MSCI: Price expectations gap points to varying liquidity in markets

The mismatch between buyer and seller expectations is most pronounced in the office sector, writes Tom Leahy, head of EMEA real assets research at MSCI.

The uncertainty caused by higher interest rates and a higher cost of capital has had a marked impact on property investment. Q2 2023 was the third successive quarter during which global deal volumes were down by more than 50 percent, and the slowest quarter since Q2 2020. The slowdown is broad based: no large market and none of the major sectors recorded an increase in investment activity versus the same period 12 months ago.

Tom Leahy

The illiquidity in the global property market can be quantified by a newly launched data set, the MSCI Price Expectations Gap. This data set is based on a proprietary model that uses pricing and deal data from the MSCI Real Capital Analytics transaction database to infer the gap between buyer and seller price expectations.

By quantifying the gap, we demonstrate to what extent participants on either side of a deal would have to change their reserve prices for market liquidity to return to its long time average. When there is a negative gap, sellers would have to drop their prices to bring buyers back into the market; a positive gap indicates a booming market, which sellers could cool by increasing prices.

The data demonstrates that in many markets there is a mismatch between where sellers are willing to trade and what investors want to pay to acquire buildings. This dynamic is typical of periods of dislocation and, without the incentive to sell, can lead to an extended period of low deal volumes.

The office sector is the nexus of many of the issues impacting property – both cyclical and structural – and this is exemplified in the price expectations gap in some of the world’s biggest office markets. San Francisco has seen a major withdrawal of investor confidence, due to low office occupancy combined with social issues in the downtown area. The current price expectations gap of -43 percent is the worst on record for San Francisco, and tells us that sellers would have to make significant downgrades to their reserve prices to return liquidity close to its long-term average.

The price expectations gap is negative in Manhattan, but not to the extent that it is in San Francisco. This tells us that while the deal market remains illiquid, conditions have not deteriorated to the same extent as they have on the west coast. The liquidity measure is relative to each market’s own history, and while few Manhattan office sales are completing, even fewer properties were sold during the post-GFC period, when the market almost ground to a halt.

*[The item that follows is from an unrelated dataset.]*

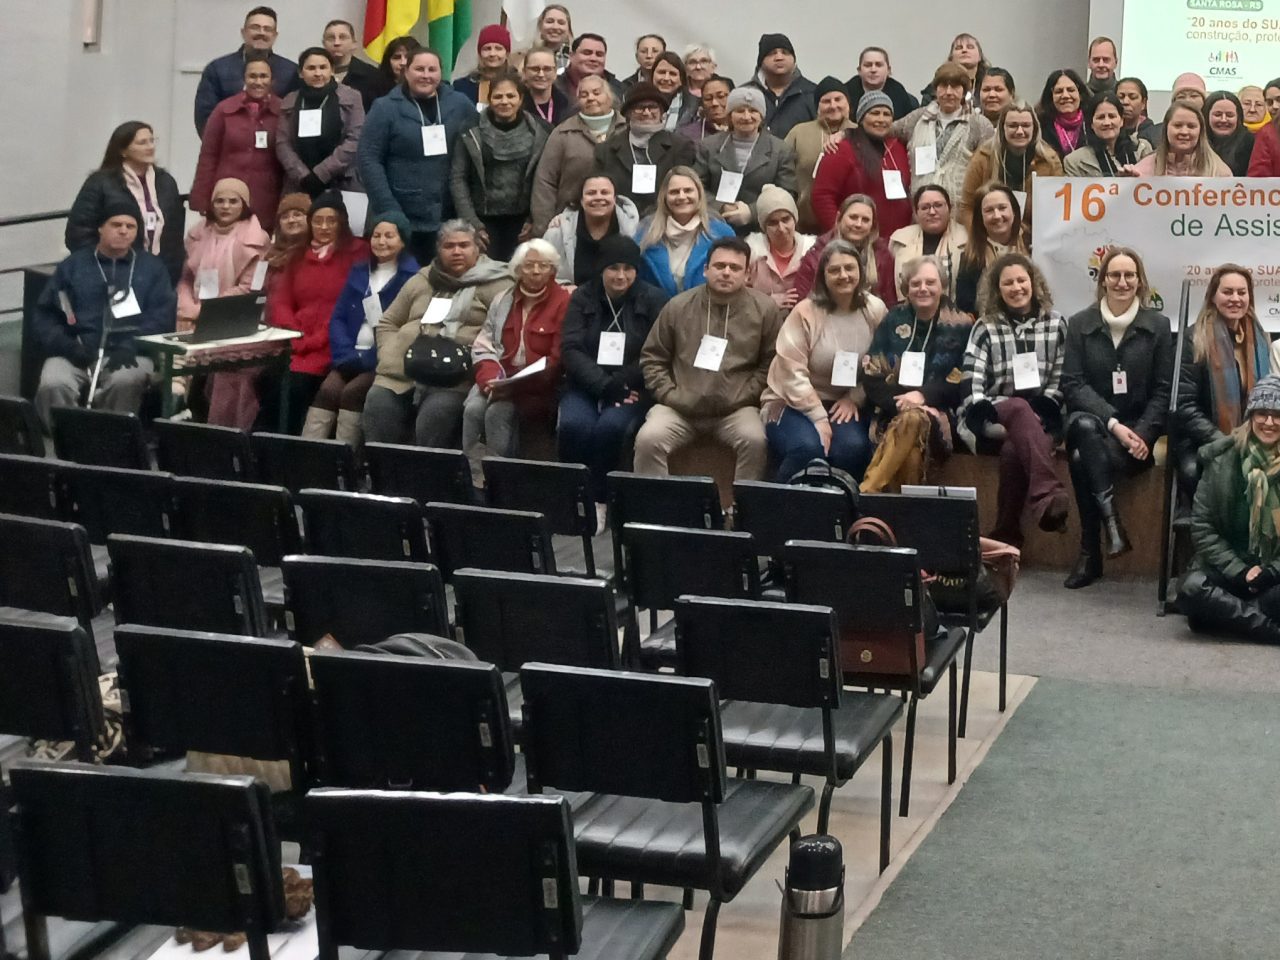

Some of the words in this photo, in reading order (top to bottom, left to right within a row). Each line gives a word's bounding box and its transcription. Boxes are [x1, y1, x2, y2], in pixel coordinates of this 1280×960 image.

Tokyo is the best performer on this measure out of the major markets featured. The Japanese property market has not experienced the same interest-rate cycle as markets in Europe and North America, and this is reflected in the data, with a price gap closer to equilibrium than elsewhere. In addition, the issue of office usage and occupancy is not impacting the Japanese market to the extent that it is in the US: Cushman and Wakefield reports Tokyo office occupancy at 80 percent of its pre-pandemic figure, which compares to 41 percent in San Francisco, as per data from Kastle Systems.

Pressure on industrial

The price expectations gap can also be used to demonstrate the relative liquidity across different property types and geographies. The contrast is most striking between industrial and office and retail. In four of the countries shown in the second chart there remains a positive price gap for industrial assets, which indicates demand is outstripping supply, leading to upwards pressure on prices. However, the gap is negative for office in all countries shown, and for retail in all but one. The positive outturn for industrial rests on expectations around the performance of the occupier market, which is not subject to the same structural risks as office or retail and remains supply constrained in some of the most desirable locations.

The price expectations gap provides a new way of measuring market liquidity. It can also tell us where the market clearing would be during periods of uncertainty, and complements other pricing analyses based on transactions and valuations.